A joint-venture team led by Bechtel National, Inc. and Parsons Corporation handled the effort, using neutralization and explosive destruction technologies to remove more than 100,000 mustard agent and nerve agent-filled projectiles and nerve agent-filled rockets. Their work began in June 2019, and ultimately destroyed more than 523 tons of chemical agents over the intervening years.

“We have a national security imperative and moral obligation to work toward eliminating the threat posed by weapons of mass destruction,” Dr. William LaPlante, Under Secretary of Defense for Acquisition and Sustainment, said. “This is the first time an international body has verified destruction of an entire category of declared weapons of mass destruction — reinforcing the United States’ commitment to creating a world free of chemical weapons.”

At one time, the U.S. chemical weapons stockpile included more than 30,000 tons of chemical warfare agents stuffed into explosives and bulk containers. Congress first mandated destruction of that stockpile in 1986, although work to do so did not begin until 1990. Time brought new assessments, though, and requirements for alternative technologies to destroy chemical weapons by means other than incineration. The nature and location of the work changed, time and again, and included a team of companies in Colorado led by Bechtel National, which finished destroying more than 780,000 mustard agent-filled projectiles at the U.S. Army Pueblo Chemical Depot on June 22, 2023.

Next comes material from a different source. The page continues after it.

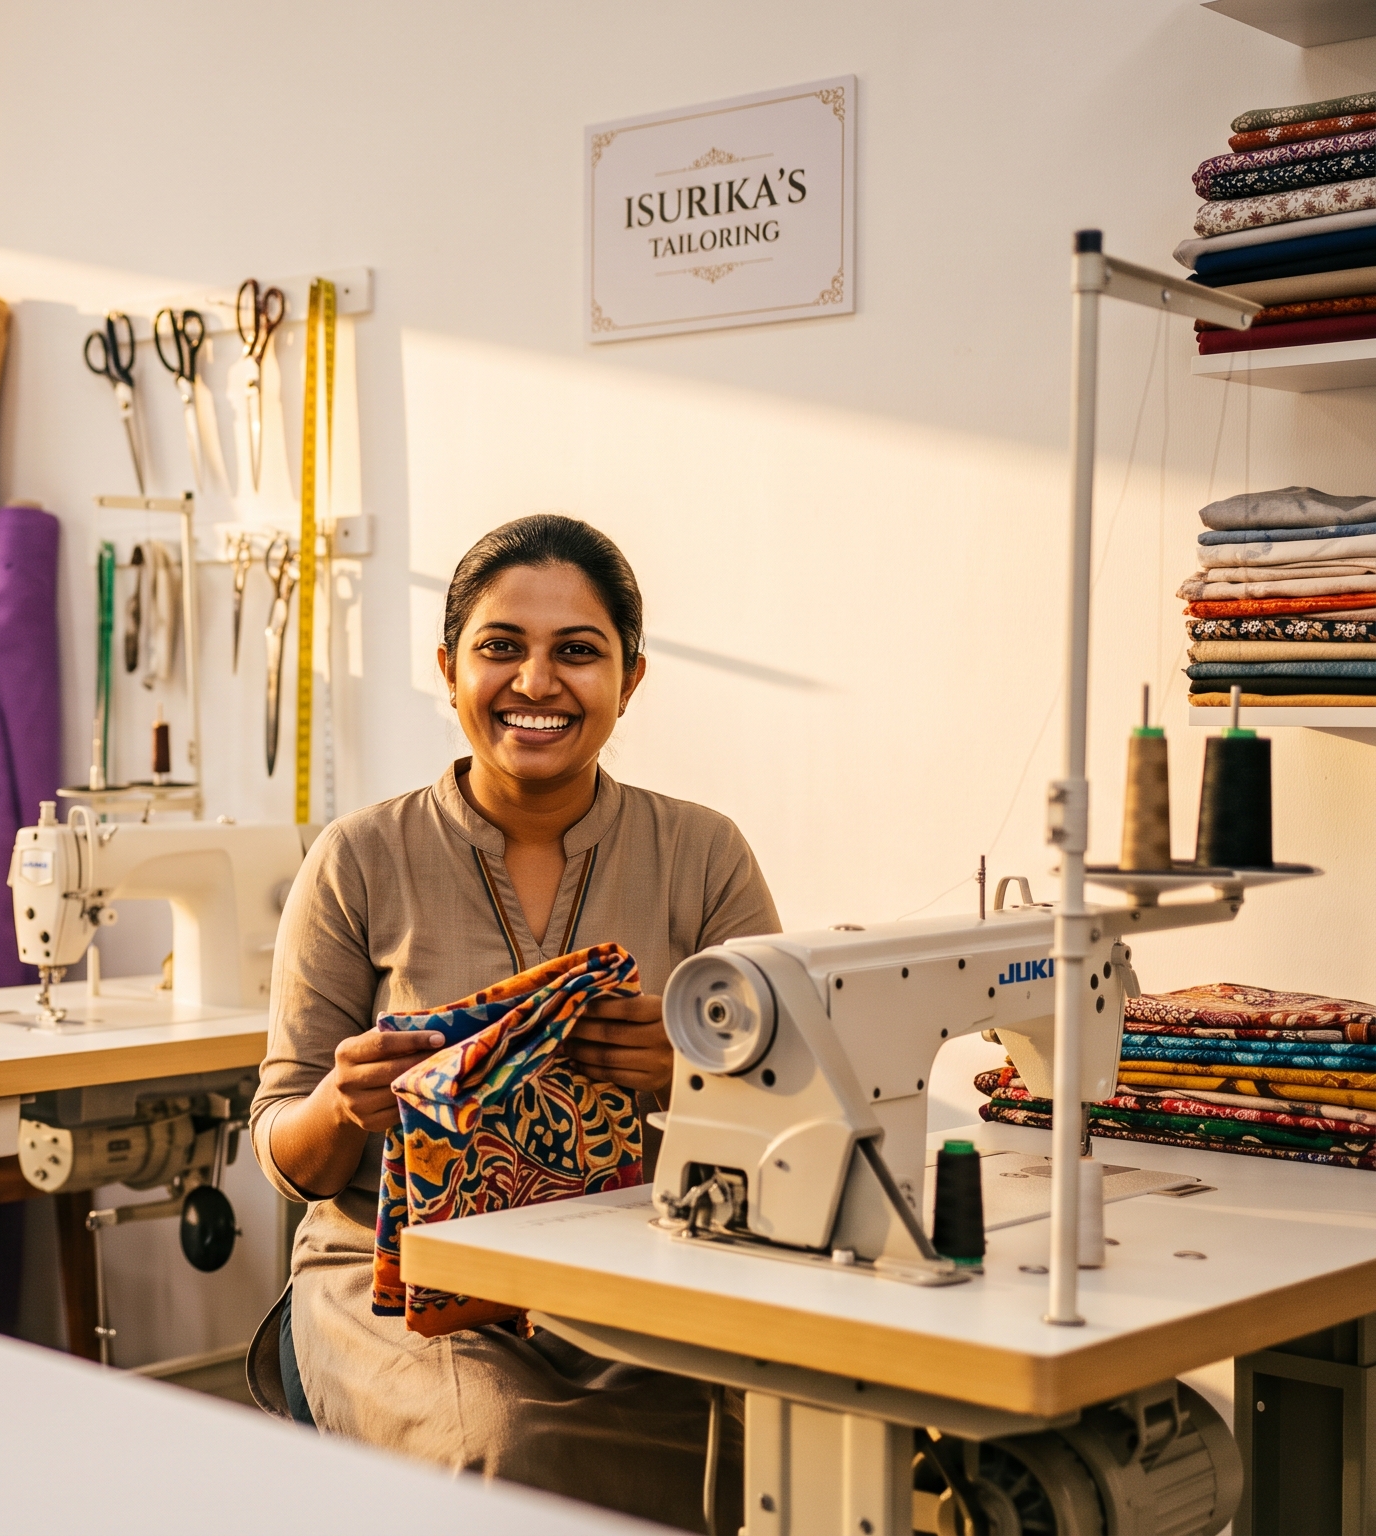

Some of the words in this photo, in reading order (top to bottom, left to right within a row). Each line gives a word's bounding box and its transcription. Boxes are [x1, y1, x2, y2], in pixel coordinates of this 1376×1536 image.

[624, 167, 807, 229] ISURIKA'S
[649, 220, 780, 259] TAILORING
[999, 958, 1054, 985] JUKI

“This is a momentous day for the U.S. chemical demilitarization program,” Secretary of the Army Christine Wormuth said. “After years of design, construction, testing and operations, these obsolete weapons have been safely eliminated. The Army is proud to have played a key role in making this demilitarization possible.”

Now, the facilities involved in destruction will enter a closure phase for the next three to four years, according to Michael Abaie, DoD’s Assembled Chemical Weapons Alternatives Program Executive Officer. This will include disposal of secondary wastes, decontamination and decommissioning efforts for buildings and equipment, demolition, environmental permits and more.